Nada. O peor: se responde con nostalgia o romanticismo. Se habla de “proyectos truncos”, “ajustes heredados”, “resistencia militante” o “batallas culturales”, pero pocas veces se asume con honestidad política que se ha gobernado y se ha fracasado.
Porque si la pobreza estructural no baja, si la educación se deteriora, si la inseguridad crece, y si los derechos sociales se vuelven letra muerta, entonces hay una responsabilidad concreta en quienes gestionaron durante tanto tiempo.
El kirchnerismo insiste en que su modelo es “inclusivo”, “protector”, “redistributivo”. Se definen como los defensores del pueblo ante el embate del capital financiero. Sin embargo, los indicadores duros muestran que tras doce años de gobiernos K y cuatro años del Frente de Todos, la pobreza pasó del 27% al 45%, la inflación superó los tres dígitos, la educación cayó en las pruebas internacionales y el empleo formal privado se estancó.

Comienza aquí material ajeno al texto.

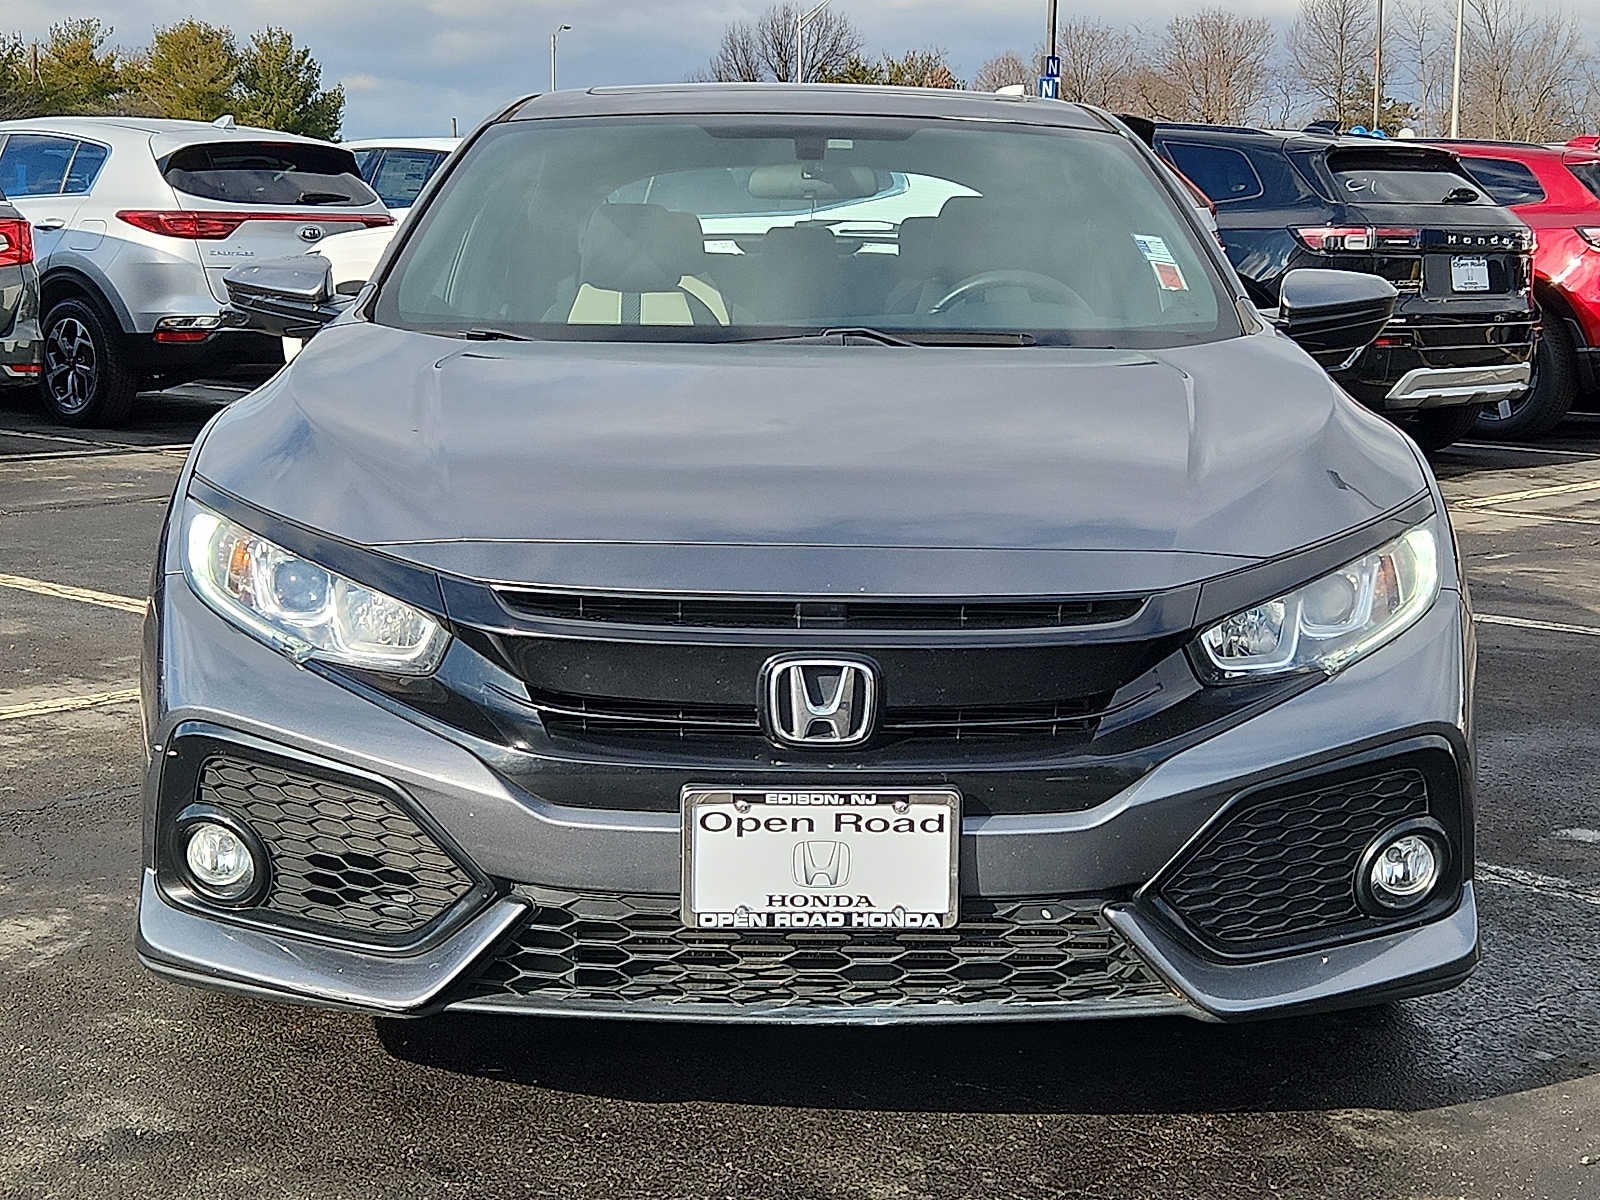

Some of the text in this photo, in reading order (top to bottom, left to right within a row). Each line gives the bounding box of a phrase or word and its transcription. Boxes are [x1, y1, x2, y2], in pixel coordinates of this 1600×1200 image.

[1048, 59, 1058, 75] N
[1041, 80, 1053, 99] N
[765, 793, 877, 805] EDISON, NJ
[699, 811, 945, 838] Open Road
[766, 894, 876, 908] HONDA
[699, 912, 941, 928] OPEN ROAD HONDA

Ni hablar del nivel de endeudamiento interno, del déficit fiscal crónico, del estancamiento económico, del cierre de PYMEs, o del sistema de salud pública al borde del colapso. ¿Dónde están las obras estructurales, las reformas de fondo, la inversión sostenida? ¿Qué se hizo para resolver los problemas que ellos mismos dicen querer combatir?

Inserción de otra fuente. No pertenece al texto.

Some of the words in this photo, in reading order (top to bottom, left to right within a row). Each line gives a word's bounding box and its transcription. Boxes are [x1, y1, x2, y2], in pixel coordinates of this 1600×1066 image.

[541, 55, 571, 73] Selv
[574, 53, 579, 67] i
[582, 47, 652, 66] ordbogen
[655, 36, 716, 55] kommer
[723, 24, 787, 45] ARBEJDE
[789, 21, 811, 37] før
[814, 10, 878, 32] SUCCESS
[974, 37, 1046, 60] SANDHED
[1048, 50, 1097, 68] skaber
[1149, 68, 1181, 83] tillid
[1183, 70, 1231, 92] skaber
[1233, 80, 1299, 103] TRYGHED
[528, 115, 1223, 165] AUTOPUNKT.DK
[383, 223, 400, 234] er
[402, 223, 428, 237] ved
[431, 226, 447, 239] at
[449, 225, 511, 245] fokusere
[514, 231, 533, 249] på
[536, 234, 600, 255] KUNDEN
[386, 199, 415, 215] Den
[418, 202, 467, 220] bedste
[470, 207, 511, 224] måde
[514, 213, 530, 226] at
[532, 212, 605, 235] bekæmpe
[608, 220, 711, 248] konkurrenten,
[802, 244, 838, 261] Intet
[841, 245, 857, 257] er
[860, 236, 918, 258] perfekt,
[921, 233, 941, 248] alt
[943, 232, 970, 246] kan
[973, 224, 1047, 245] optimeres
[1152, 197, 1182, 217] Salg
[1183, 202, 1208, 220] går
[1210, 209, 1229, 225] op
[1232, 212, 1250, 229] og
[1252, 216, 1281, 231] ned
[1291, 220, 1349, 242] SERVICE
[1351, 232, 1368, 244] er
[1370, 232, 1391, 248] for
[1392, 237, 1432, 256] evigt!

Si su modelo mejora la vida del pueblo, ¿por qué el pueblo está cada vez peor? ¿Por qué siguen creciendo los bolsones de miseria en el conurbano que gobernaron durante décadas? ¿Por qué las generaciones jóvenes que nacieron bajo gobiernos peronistas no acceden a la movilidad social que sus abuelos sí tuvieron?
Uno de los aspectos más preocupantes del discurso kirchnerista no es solo su negación de la realidad, sino su apropiación moral del concepto de Patria. Como si hubiera ciudadanos de primera (ellos, los “militantes”) y ciudadanos de segunda (el resto, los indiferentes, los traidores, los “chetos”, los “odiadores”).
Esta construcción binaria ahoga el debate democrático. No se discuten ideas, se invalidan identidades. Y se termina anulando cualquier alternativa que no sea peronista como si fuera ilegítima, aún cuando surge del voto popular. Como si ganar elecciones fuera su derecho natural, y perderlas una tragedia nacional.
Es hora de decirlo sin eufemismos: la Patria no tiene dueño. Los símbolos nacionales son de todos. La bandera no es kirchnerista. Evita no es propiedad privada. La memoria no es una consigna de facción. Y la lucha por los derechos no puede reducirse a una narrativa que sólo admite una voz.
Argentina no puede seguir encerrada en discusiones maniqueas, donde un sector se considera salvador por definición y responsabiliza a los demás de todos sus fracasos.
El país necesita políticos con vocación de servicio, no salvadores seriales. Gestores competentes, no militantes fanáticos. Estadistas con autocrítica, no tribunos con slogans.
No se puede construir futuro sin revisar con sinceridad el pasado. Si el kirchnerismo quiere volver a ser alternativa de poder, debería empezar por hacerse cargo de lo que no hizo, de lo que hizo mal, y de lo que prometió y no cumplió.
No alcanza con decir que Milei es peor. No alcanza con recordar a Macri. El pueblo merece algo más que comparaciones: merece resultados.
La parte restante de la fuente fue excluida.